Up until your child is 7-8 years old, you should assist him/her while brushing because children often lack the motor skills to do it properly. After that, observe your child’s technique, assisting when necessary, until he/she can effectively brush without supervision. Brush your teeth at the same time to help teach your child to brush by mimicking you. Although a regular children’s brush is perfectly fine for cleaning teeth, sometimes a children’s electric brush can make the experience more fun for your child, increasing motivation to brush. Once again, tooth brushing should occur twice a day once in the morning after breakfast and again right before bedtime. Brushing after snacks is ideal, too. At age six and above, brushing should take two minutes each time.
When brushing your teeth and your child’s teeth, place the toothbrush at a 45˚ angle towards the gum-line, using small, circular strokes. Brush the front of the teeth, behind the teeth and on the chewing surfaces. Don’t forget to brush the tongue to remove potential bad breath bacteria and other harmful microorganisms. Take two full minutes to brush properly.

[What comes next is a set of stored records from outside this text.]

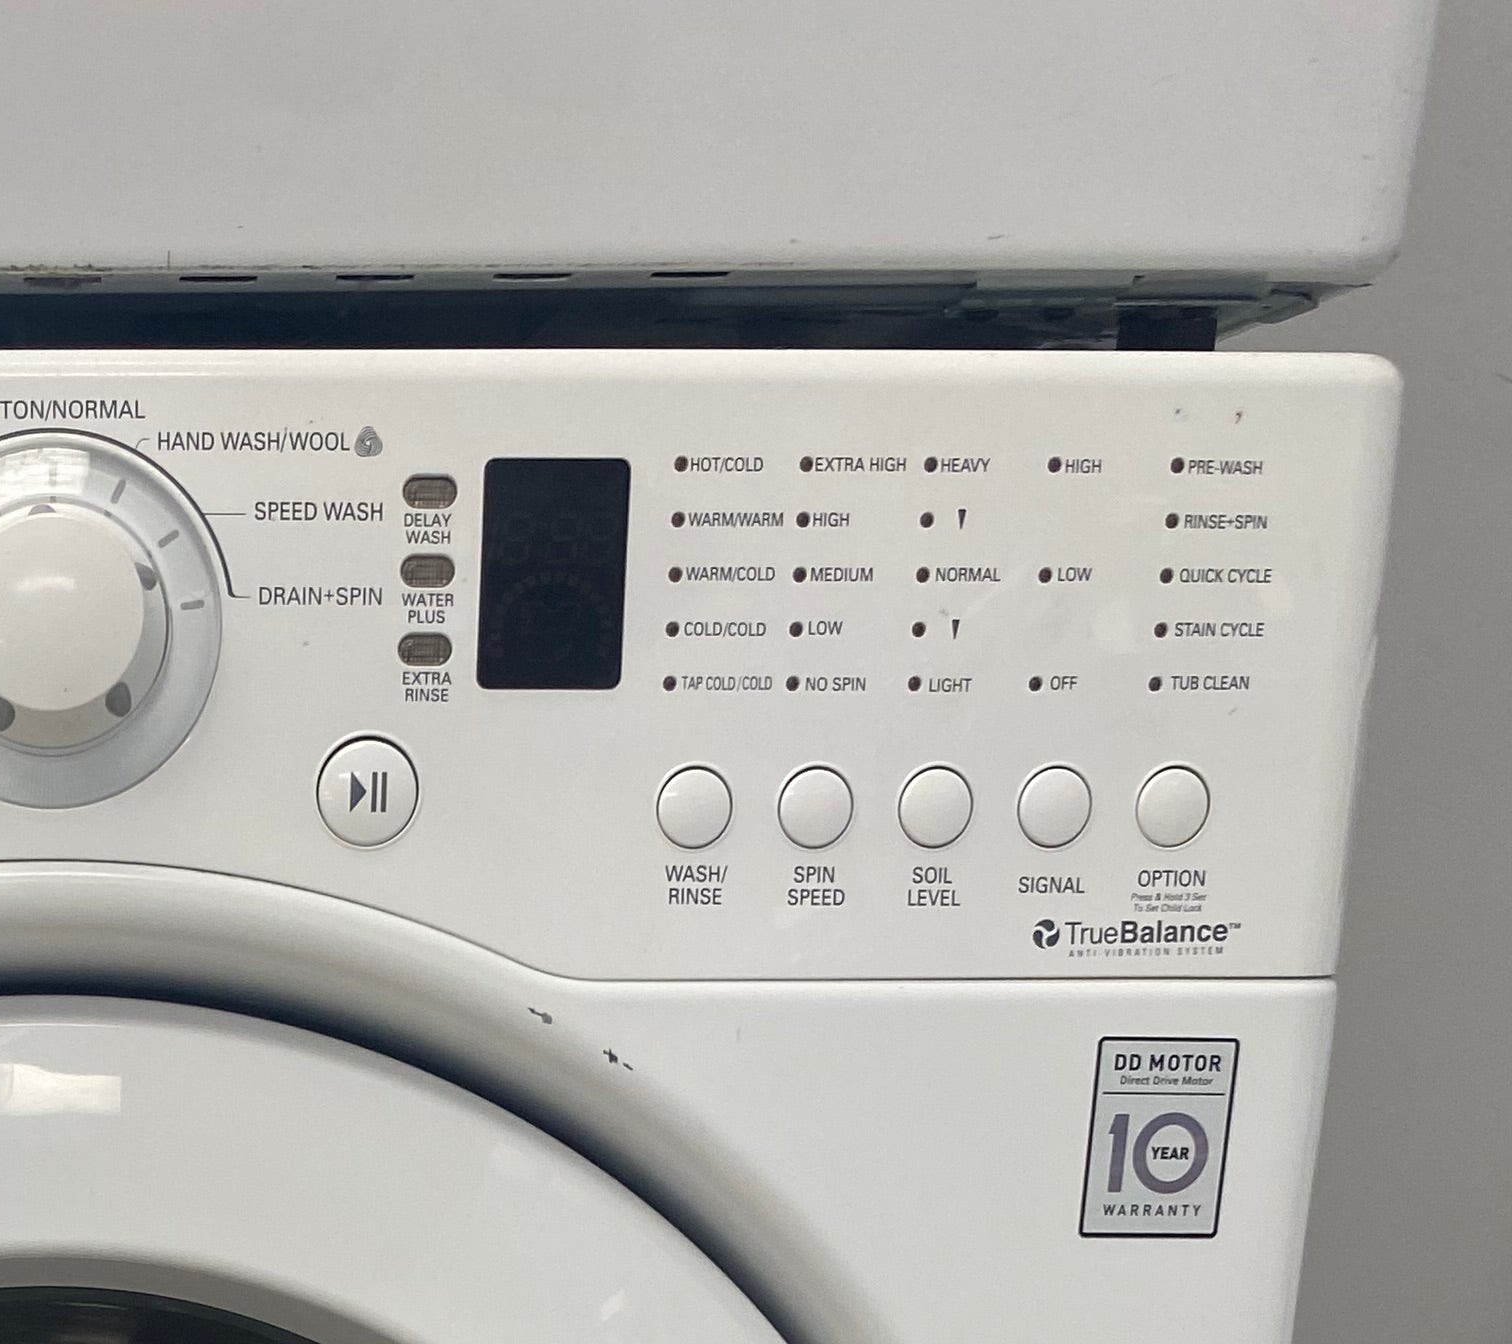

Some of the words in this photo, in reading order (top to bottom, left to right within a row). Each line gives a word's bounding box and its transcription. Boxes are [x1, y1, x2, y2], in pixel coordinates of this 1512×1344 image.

[157, 431, 215, 451] HAND
[220, 431, 351, 453] WASH/WOOL
[690, 456, 764, 474] HOT/COLD
[814, 456, 865, 472] EXTRA
[869, 456, 907, 473] HIGH
[940, 457, 991, 473] HEAVY
[1064, 458, 1102, 474] HIGH
[1187, 459, 1264, 476] PRE-WASH
[254, 501, 318, 521] SPEED
[323, 501, 384, 522] WASH
[403, 512, 453, 528] DELAY
[687, 511, 784, 528] WARM/WARM
[812, 511, 850, 528] HIGH
[1183, 514, 1268, 530] RINSE+SPIN
[405, 530, 451, 545] WASH
[685, 566, 776, 583] WARM/COLD
[810, 566, 874, 583] MEDIUM
[935, 566, 1001, 583] NORMAL
[1057, 566, 1093, 582] LOW
[1179, 567, 1225, 584] QUICK
[1227, 568, 1273, 584] CYCLE
[258, 586, 383, 606] DRAIN+SPIN
[401, 592, 454, 608] WATER
[407, 609, 446, 624] PLUS
[683, 621, 767, 638] COLD/COLD
[808, 620, 844, 636] LOW
[1174, 622, 1217, 638] STAIN
[1220, 622, 1265, 638] CYCLE
[402, 671, 453, 686] EXTRA
[681, 675, 704, 691] TAP
[705, 675, 773, 692] COLD/COLD
[805, 676, 829, 692] NO
[831, 676, 867, 692] SPIN
[928, 677, 973, 693] LIGHT
[1049, 675, 1078, 691] OFF
[1170, 675, 1200, 691] TUB
[1202, 675, 1250, 691] CLEAN
[404, 687, 449, 703] RINSE
[664, 864, 728, 884] WASH/
[793, 865, 836, 884] SPIN
[912, 866, 953, 885] SOIL
[1137, 869, 1206, 888] OPTION
[1018, 875, 1086, 894] SIGNAL
[668, 887, 723, 906] RINSE
[787, 888, 846, 907] SPEED
[907, 888, 961, 907] LEVEL
[1177, 945, 1224, 956] SYSTEM
[1114, 1053, 1142, 1072] DD
[1148, 1054, 1222, 1073] MOTOR
[1119, 1074, 1151, 1086] Direct
[1152, 1075, 1180, 1086] Drive
[1181, 1075, 1214, 1086] Motor
[1106, 1111, 1210, 1195] 10
[1150, 1146, 1191, 1161] YEAR
[1103, 1203, 1202, 1217] WARRANTY

During the ages of 6-11 and older, children become more active with sports, and dental injuries are very common. Ask our team about mouth guards to protect your child’s teeth during sports.
12-18 years or age
By 12-13 years of age, all of your child’s baby teeth are usually gone, and all of the permanent (adult) teeth have arrived except for the third molars (wisdom teeth), which most often arrive by age 21. As teens grow more independent and have further control of their diet and habits, it is common to see an increase in cavities. Soda, candy and lack of consistent or effective brushing and flossing is typically the culprit. Also during this time, self-awareness becomes more prominent, and your teen may notice if they have discolored or crooked teeth. Talk with our team about options for both braces and for whitening.

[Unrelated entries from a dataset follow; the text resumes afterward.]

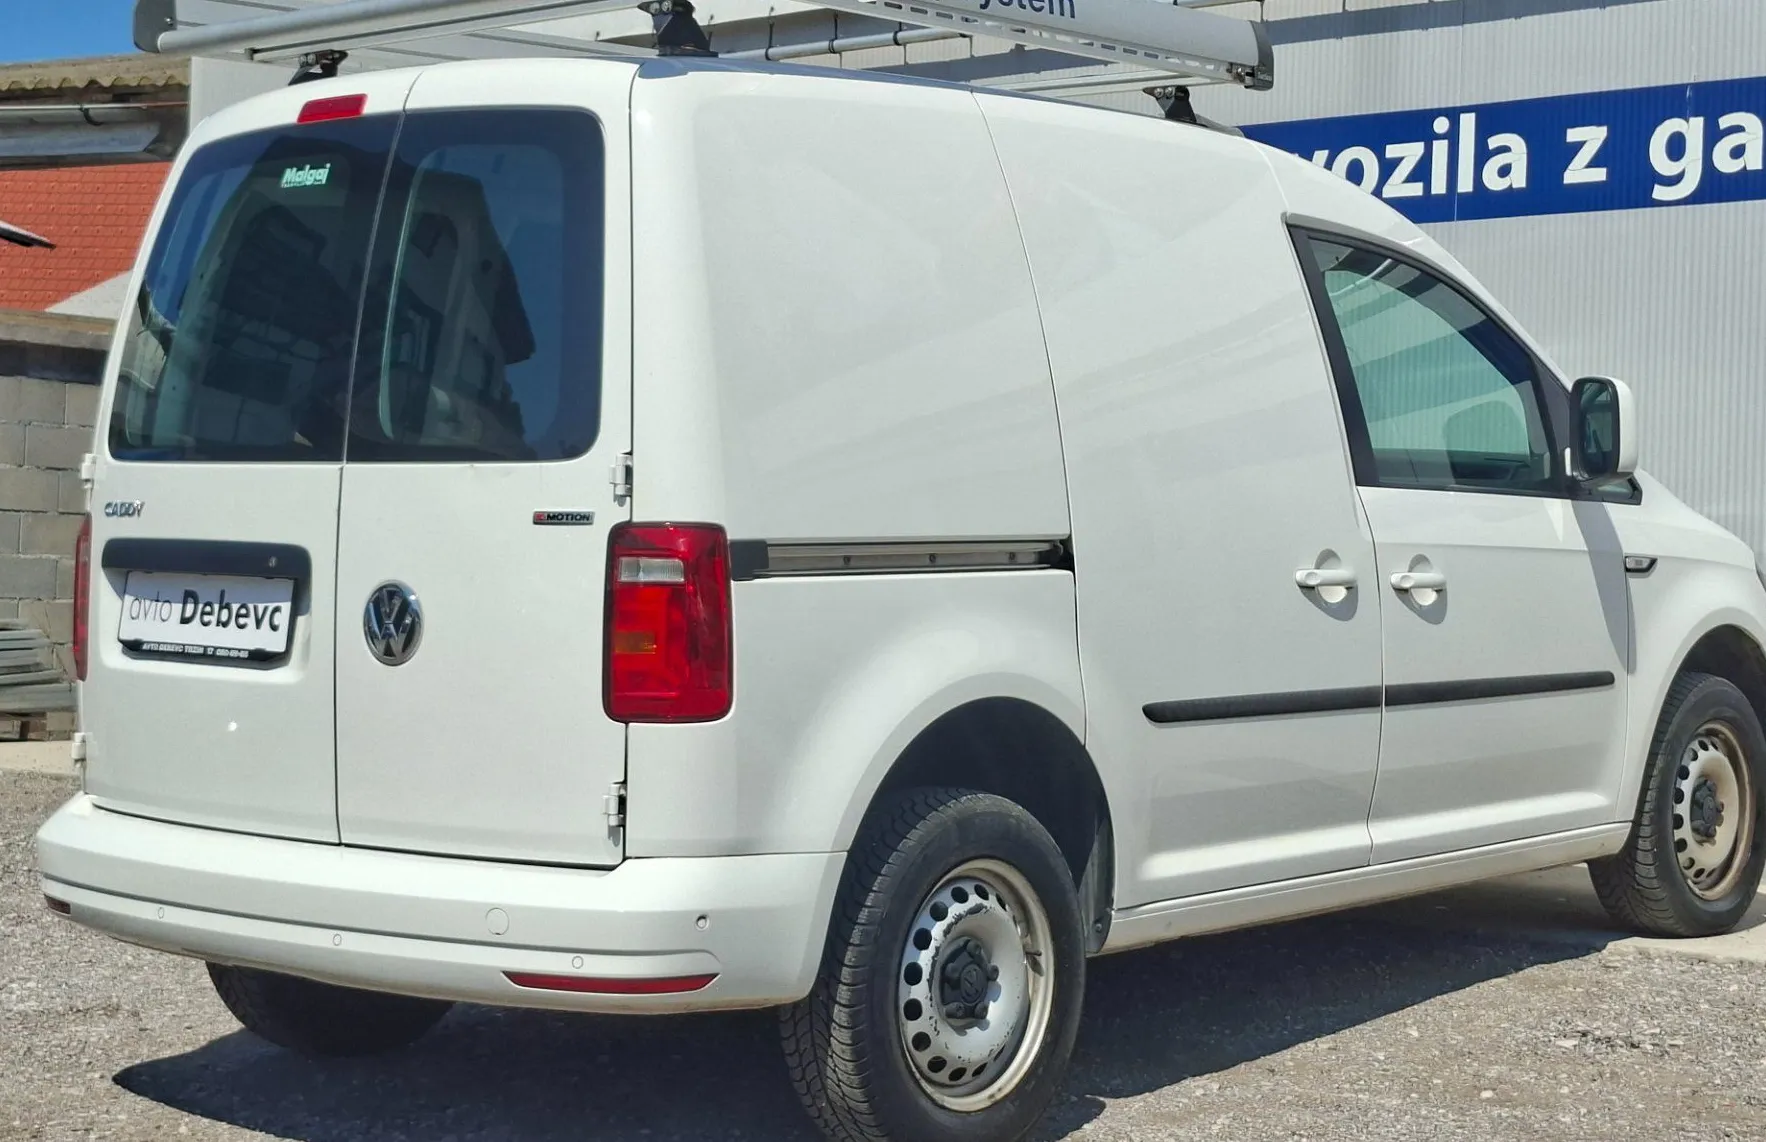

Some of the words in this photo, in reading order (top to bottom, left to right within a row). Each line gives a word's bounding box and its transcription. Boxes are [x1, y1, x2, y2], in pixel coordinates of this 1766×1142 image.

[1563, 125, 1608, 184] z
[1648, 111, 1764, 201] ga
[104, 501, 145, 518] CADDY
[129, 590, 173, 622] avto
[179, 589, 283, 632] Debevc
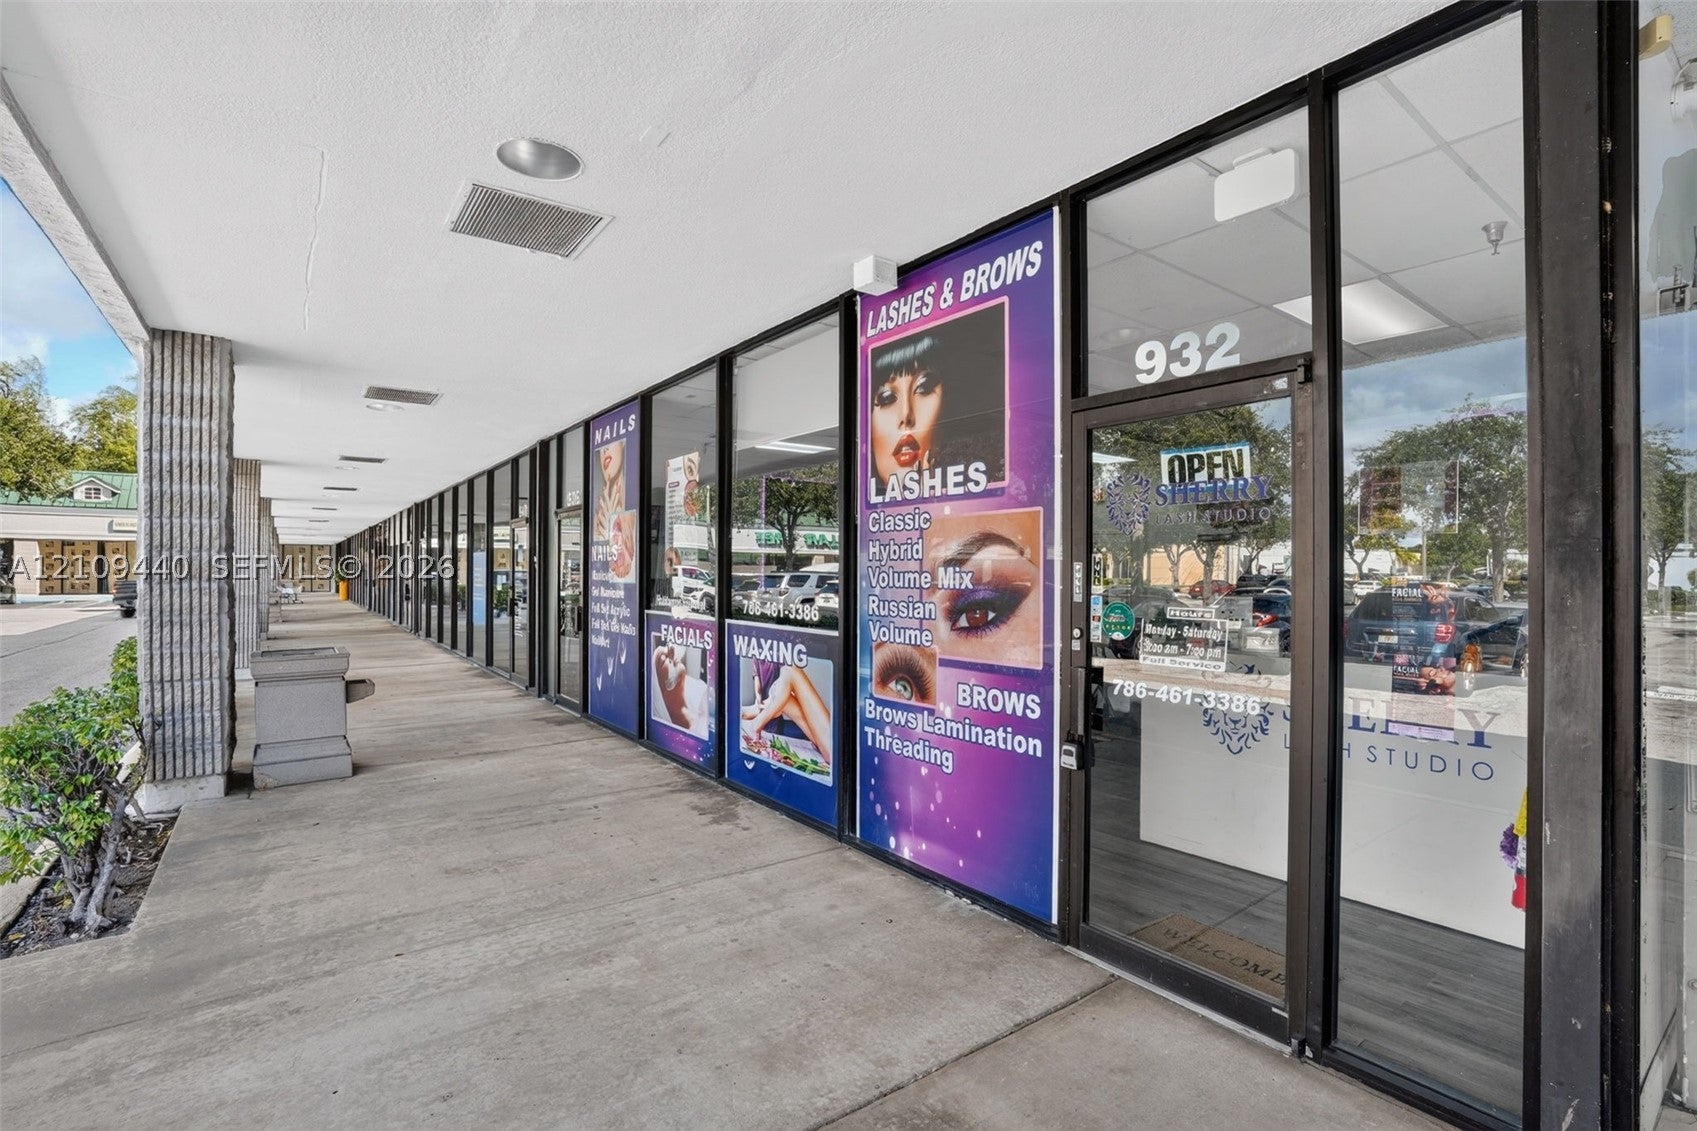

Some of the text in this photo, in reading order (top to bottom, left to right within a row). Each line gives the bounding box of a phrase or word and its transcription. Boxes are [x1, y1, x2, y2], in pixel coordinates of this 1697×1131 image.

[866, 240, 1043, 338] LASHES & BROWS
[1135, 322, 1241, 384] 932
[594, 414, 636, 445] NAILS
[869, 461, 988, 504] LASHES
[1167, 448, 1244, 486] OPEN
[1155, 475, 1273, 507] SHERRY
[868, 510, 931, 533] Classic
[1155, 507, 1272, 526] LASH STUDIO
[591, 545, 618, 561] NAILS
[868, 538, 923, 566] Hybrid
[868, 566, 974, 590] Volume Mix
[742, 600, 819, 621] 786-461-3386
[867, 595, 936, 620] Russian
[1169, 609, 1212, 618] Hours
[661, 624, 713, 650] FACIALS
[868, 620, 933, 646] Volume
[1182, 625, 1223, 642] Saturday
[733, 634, 808, 668] WAXING
[1206, 648, 1221, 659] pm
[957, 683, 1041, 720] BROWS
[1112, 679, 1261, 715] 786-461-3386
[864, 697, 1042, 758] Brows Lamination
[864, 726, 955, 774] Threading
[1366, 745, 1494, 781] STUDIO
[1164, 928, 1286, 985] WELCOME

Unfortunately, substance abuse may also begin during these ages (90% of adult smokers began smoking before age 19), so monitor your child for signs of tobacco or alcohol use. Finally, eating disorders are also common and can damage the teeth…in addition to causing many other serious issues. Please talk with our office regarding assistance with any of these common issues of adolescence.
Q: I want my front teeth to look better, but I don't want to wear braces. What would you recommend?
A: Dr. Hamman has a number of ways to improve the look of your front teeth without the use of unsightly braces. For slightly crooked or unevenly worn teeth, a bit of reshaping and the addition of composite or porcelain veneers may be sufficient to give them a bright, uniform look. Whitening is a conservative option to make your teeth whiter. Some patients choose Invisalign® which allows you to straighten your teeth without brace appliances. We would be happy to talk with you further about the option that best suits your individual situation.